Authors also report the dramatic fall in the use of hospital and emergency resources in the last 5 weeks of life, and the increasing use of home care and community resources.

 

The principles of this program were to consider palliative care as a public health concern, with the aims of coverage for both cancer and non-cancer patients. The combined measures included the implementation of a wide range of specific services with a district wide approach. All these developments were possible because of the extensive education and training of all levels of  the health system and strong leadership of experts with government support  from the public financing system.
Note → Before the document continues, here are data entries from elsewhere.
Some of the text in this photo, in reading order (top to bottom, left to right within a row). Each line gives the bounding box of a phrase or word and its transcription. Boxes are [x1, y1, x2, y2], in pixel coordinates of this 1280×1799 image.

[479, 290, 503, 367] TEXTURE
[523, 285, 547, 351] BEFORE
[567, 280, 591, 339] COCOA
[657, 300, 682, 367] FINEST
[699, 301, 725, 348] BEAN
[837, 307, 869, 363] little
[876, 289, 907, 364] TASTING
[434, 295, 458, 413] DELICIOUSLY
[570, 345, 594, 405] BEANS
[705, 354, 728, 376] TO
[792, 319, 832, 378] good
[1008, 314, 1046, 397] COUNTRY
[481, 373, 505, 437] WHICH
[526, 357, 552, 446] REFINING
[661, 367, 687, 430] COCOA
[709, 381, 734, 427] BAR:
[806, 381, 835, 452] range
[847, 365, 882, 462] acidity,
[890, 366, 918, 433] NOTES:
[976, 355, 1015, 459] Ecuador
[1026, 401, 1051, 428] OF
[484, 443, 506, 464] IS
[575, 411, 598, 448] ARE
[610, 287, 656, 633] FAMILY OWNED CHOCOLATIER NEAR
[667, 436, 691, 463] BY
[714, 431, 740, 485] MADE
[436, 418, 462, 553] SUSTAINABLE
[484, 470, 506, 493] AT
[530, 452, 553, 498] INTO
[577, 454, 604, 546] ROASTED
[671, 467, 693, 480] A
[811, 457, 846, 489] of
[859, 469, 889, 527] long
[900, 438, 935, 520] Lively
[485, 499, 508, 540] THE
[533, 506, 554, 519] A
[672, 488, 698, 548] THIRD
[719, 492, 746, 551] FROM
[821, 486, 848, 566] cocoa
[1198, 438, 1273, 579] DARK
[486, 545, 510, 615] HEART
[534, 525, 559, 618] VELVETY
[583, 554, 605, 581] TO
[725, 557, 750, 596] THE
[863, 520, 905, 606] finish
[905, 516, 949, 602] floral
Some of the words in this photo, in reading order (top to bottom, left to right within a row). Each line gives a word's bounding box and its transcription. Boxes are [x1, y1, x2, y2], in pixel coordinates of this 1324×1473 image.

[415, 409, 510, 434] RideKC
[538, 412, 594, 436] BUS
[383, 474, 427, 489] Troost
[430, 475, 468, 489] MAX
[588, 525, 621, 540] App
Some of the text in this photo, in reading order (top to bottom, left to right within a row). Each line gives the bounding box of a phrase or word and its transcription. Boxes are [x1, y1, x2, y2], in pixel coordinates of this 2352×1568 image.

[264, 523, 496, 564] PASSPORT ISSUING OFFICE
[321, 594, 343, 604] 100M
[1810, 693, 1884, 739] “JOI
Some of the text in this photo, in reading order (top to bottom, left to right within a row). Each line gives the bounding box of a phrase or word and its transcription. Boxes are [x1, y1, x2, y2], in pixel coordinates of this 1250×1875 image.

With this project community based palliative care was emphasized and also the national health system promoted the development of non-acute hospital settings based in socio-health centres, which have rehabilitation and long-term resources.

 

The results demonstrate both, effectiveness in pain control, and strong efficiency in the provision of care, based on the dramatic change in the pattern of use of resources:

 

Observing the implementation process of the Catalonian project is useful for all suggesting newly developed national policies:

Successful results of policies of the Catalan model:

-         Achievement of very high coverage of patients, especially of cancer patients (more than two thirds of cancer patients are cared for by specialist palliative care teams, mostly in the last weeks of life);

-         With extensive training activities good palliative care practice has been achieved at least when evaluated by indirect indicators and evaluation of satisfaction of patients and their families;

-         Development of non-acute settings in socio-health centres with geriatric and chronically ill patients;

-         The high geographical coverage;

-         Morphine widely used in the late stages of life in patients receiving palliative care;

-         Reduction in the length of stay in acute hospitals, reduction in the use of emergency facilities;

-         High involvement of home care support teams;

 

Areas for improvements of the Catalonian model at the present time:

-         The implementation of resources at hospital settings has been slow, and there is still a need for more palliative care departments in hospitals to care for complex patients not only with cancer, but also with other chronic diseases;

-         Support to prevent professional burnout;

-         More social workers and psychologists are needed;

-         Promotion of education and training in medical schools, recognition of palliative care as a specialization;

-         Promotion of research, with more emphasize on the nursing, social, emotional, spiritual and ethical aspects in palliative care;

-         Systematic evaluation of the effectiveness, cost/effectiveness, efficiency, and satisfaction;

 

With these results Catalonia is presently one country in Europe with the most developed network of palliative care services with accessibility and coverage achieved. The Catalonian model shows the importance of government involvement in a strategically planned implementation of palliative care services on all levels of the health care system. Rational planning with public health based policy, with a systematic implementation of specific resources and training achieves good palliative care goals, improves geriatric care, with effectiveness, efficiency, and satisfaction.

 

 

4.         Status of palliative care in Slovenia

 

Slovenia is a Central European country with approximately 2 million inhabitants. There are around 19,000 deaths a year. The life expectancy at birth is 73.2 years for men and 80.7 years for women[35]. The three main causes of death in Slovenia are diseases of circulatory system, neoplasm and diseases of respiratory system[36]. Slovenia is a country with a middle size morbidity and mortality rate caused by cancer. The leading cancer for the male population is lung (19% out of all cancer sites) and for the female population is breast (21%). Approximately 52 % of all deaths occur in hospitals and other institutions, and 48% occur at home (Figures 4 and 5). The financing of health care is based on a social security system, which covers practically the entire population.

           

Fig. 4

Place of death in Slovenia in 2002

Source: Zdravstveni statisticni letopis 2002, Institut za varovanje zdravja R Slovenije.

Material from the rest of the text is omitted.